India’s Supposed Strike to Strike China Off Due To Covid-19
After the border dispute, India’s action on Chinese companies is still under surveillance. Now the government is preparing to clamp down on China’s technology company Huawei and ZTE. The government has prepared to remove Huawei and ZTE from the 5G trial. The government may soon announce a ban on both companies. After the border dispute, India-China relations are going through the worst phase in four decades.
Center changed the rules for foreign investment on 23 July
The central government changed the rules related to foreign investment on 23 July given national security. According to the new rules, countries with which India’s border is shared by land, those countries will have to get the necessary approval before investing. According to the sources aware of this matter, now the countries of South Asia will have to get the necessary approval before the new rules are invested. According to sources, the telecom ministry will soon start the process for approving pending applications of private companies for 5G trials. Bharti Airtel, Reliance Jio Infocomm and Vodafone-Idea have applied for 5G trials. But it is delayed due to the nationwide lockdown.

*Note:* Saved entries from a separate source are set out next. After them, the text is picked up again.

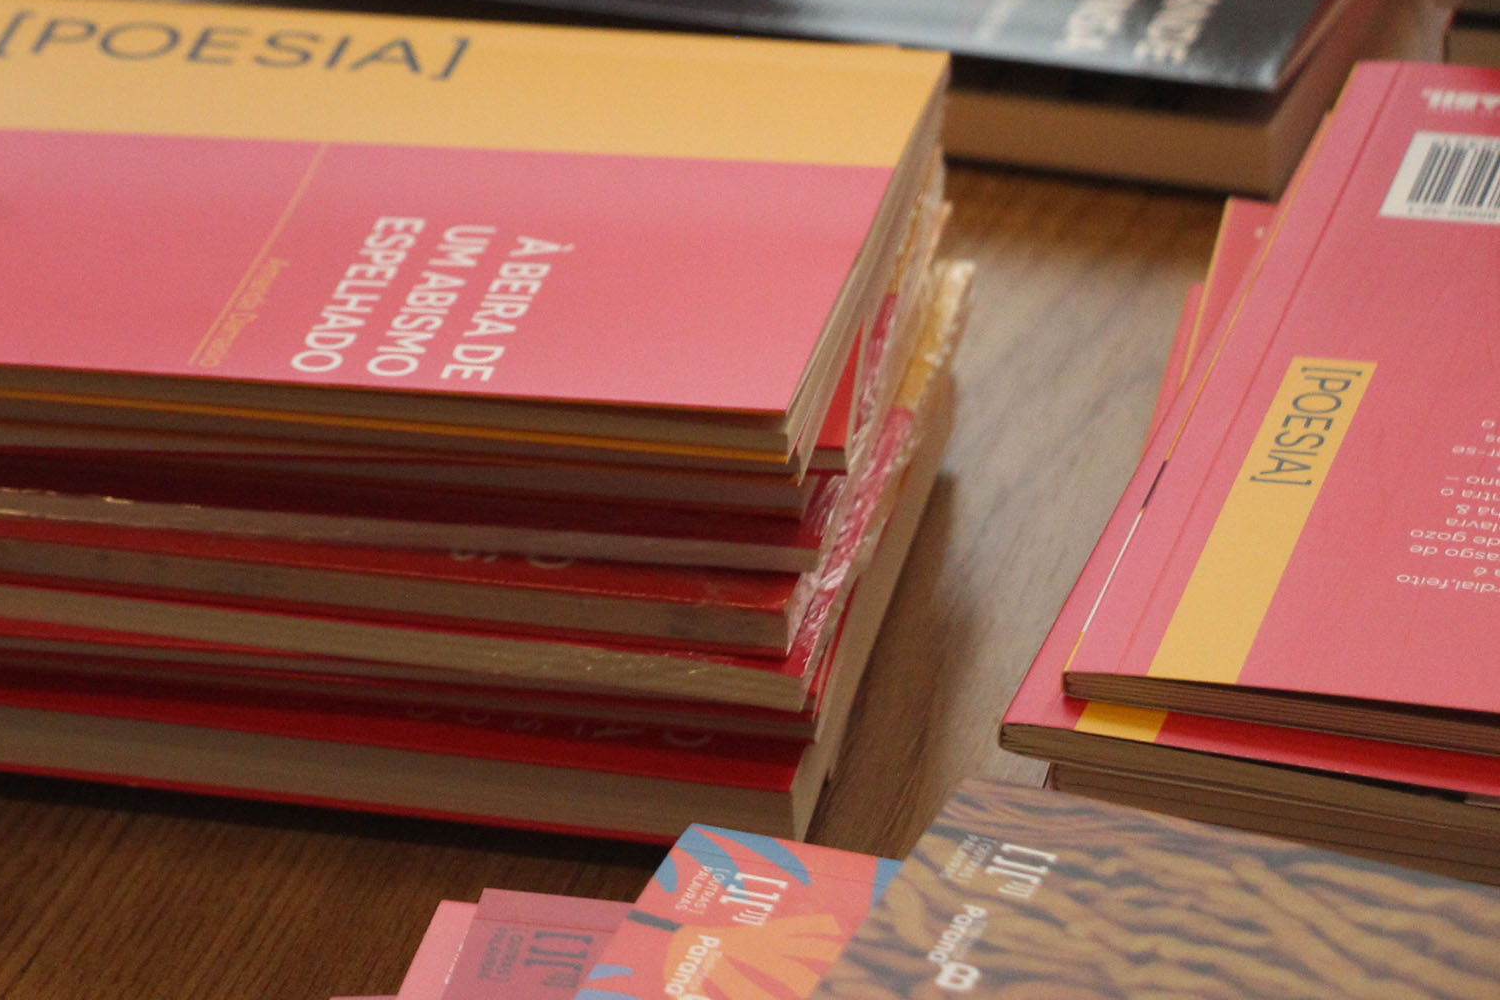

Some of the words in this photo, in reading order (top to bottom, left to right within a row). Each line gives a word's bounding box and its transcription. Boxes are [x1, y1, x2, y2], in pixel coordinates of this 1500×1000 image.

[429, 224, 497, 268] UM
[510, 235, 574, 257] À
[290, 216, 426, 373] ESPELHADO
[462, 262, 552, 338] BEIRA
[366, 270, 467, 377] ABISMO
[440, 343, 506, 382] DE
[1250, 366, 1362, 486] [POESIA]
[1440, 487, 1455, 497] o
[1409, 529, 1467, 543] gozo
[1445, 517, 1500, 533] lavra
[1409, 544, 1439, 557] de
[1444, 547, 1500, 563] asgo

5G auction may be postponed for next year
The United States, Britain and Australia have closed the doors of 5G trials for Chinese companies linked to the Chinese government. We are also going to take steps in this direction. The Federal Communications Commission has declared Huawei and ZTE a threat to national security. According to an official, the 5G auction process could be postponed to next year. Sources say that the ban on these two Chinese companies can be announced in 1 or two weeks after the approval from the Prime Minister’s Office.

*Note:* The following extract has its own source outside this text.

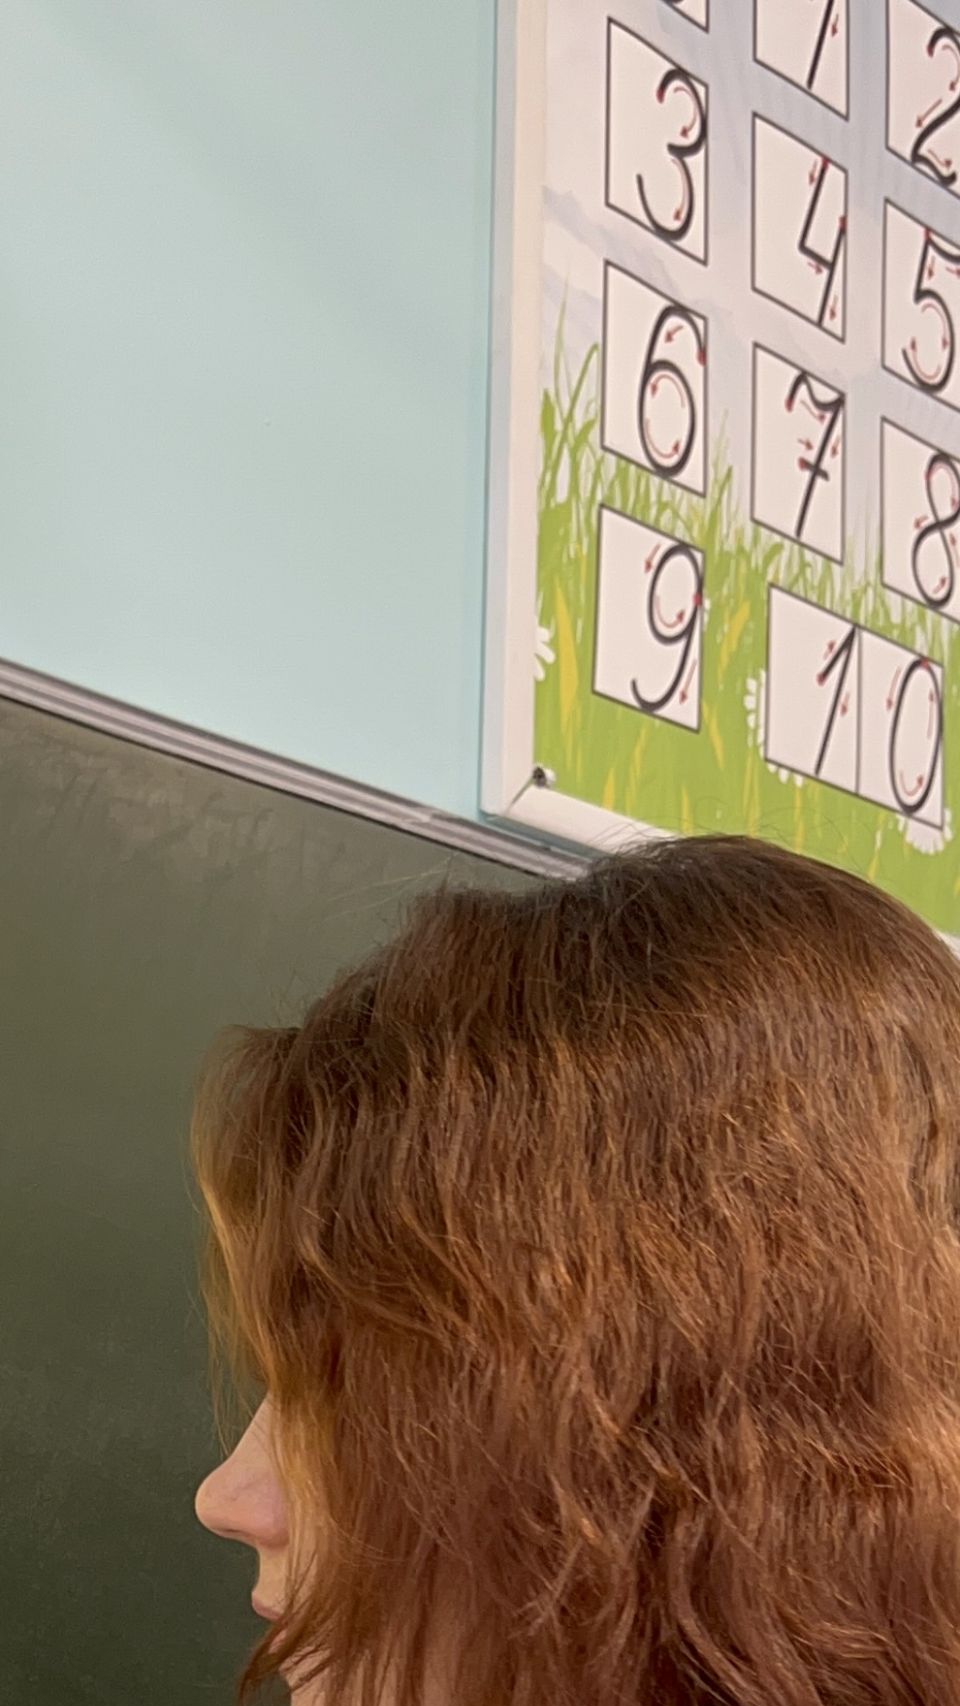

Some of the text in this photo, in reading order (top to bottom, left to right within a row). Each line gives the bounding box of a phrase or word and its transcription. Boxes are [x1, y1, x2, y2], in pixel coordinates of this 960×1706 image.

[637, 68, 960, 393] 3 4 5
[911, 27, 960, 187] 2
[638, 304, 960, 609] 6 7 8
[632, 543, 942, 814] 9 10

India-China relations snapped after 20 soldiers killed
In June this year, there was a dispute between the forces of India and China on the border in the Galvan Valley of Ladakh. 20 soldiers were killed in this dispute. At the same time, the matter of the death of some soldiers in China was also revealed. Since then, the relationship between both countries have been strong. However, India earlier this year approved Huawei to participate in the 5G trial. But after the border dispute, India is constantly taking action on Chinese companies.

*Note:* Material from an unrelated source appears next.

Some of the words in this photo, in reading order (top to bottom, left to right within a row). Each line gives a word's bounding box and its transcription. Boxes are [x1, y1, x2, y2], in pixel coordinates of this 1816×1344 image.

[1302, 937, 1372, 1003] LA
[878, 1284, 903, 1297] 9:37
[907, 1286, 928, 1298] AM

Telecom Infra part of National Security Asset: Nikhil Batra
International Data Corporation (IDC) analyst Nikhil Batra says that telecom infrastructure is part of the national security assets of any country. Every country wants to control and regulate it like electricity and water. But the Indian telecom market is already grappling with infrastructure and regulatory problems. India’s network equipment market is quite small. In such a situation, the decision to ban Huawei and ZTE could increase India’s challenges further.
$ 4 billion investment estimate on 5G setup
IDC estimates that telecom companies will have to invest $ 4 billion in the setup of 5G infrastructure. This can be difficult for Indian companies as Bharti Airtel, Vodafone Group and state-run telecom companies are struggling to make 4G networks profitable. These companies rely on Chinese equipment for the first 4G network. According to Rajiv Sharma, Head of Research, SBICAP Securities Limited, closing the doors for Huawei and ZTE could increase the cost of switching to 5G by 35%.
Reliance can become a challenge for Huawei
The second-largest wireless market in the world could pose a major challenge for domestic company Reliance Huawei in India. The reason for this is that Mukesh Ambani has announced at the company’s AGM on July 15 that Jio Infocomm is ready for the 5G network rollout. Mukesh Ambani had said that Jio has developed the entire technology of 5G in-house. Reliance group says that they will not have to spend much like opponents to switch to the new system.
India banned 106 apps of China including Tiktok
After the border dispute in the Galvan Valley of Ladakh, the Indian government had banned 59 apps of Chinese companies. This included popular apps such as TicketLock, WeChat, UC Browser of Alibaba Group and UC News. After this, the government had banned 47 apps in China in July last month. It had clones of most previously banned apps. Thus far the Indian government has banned 106 apps from China. Ticketcock’s Indian business is valued at around $ 3 billion.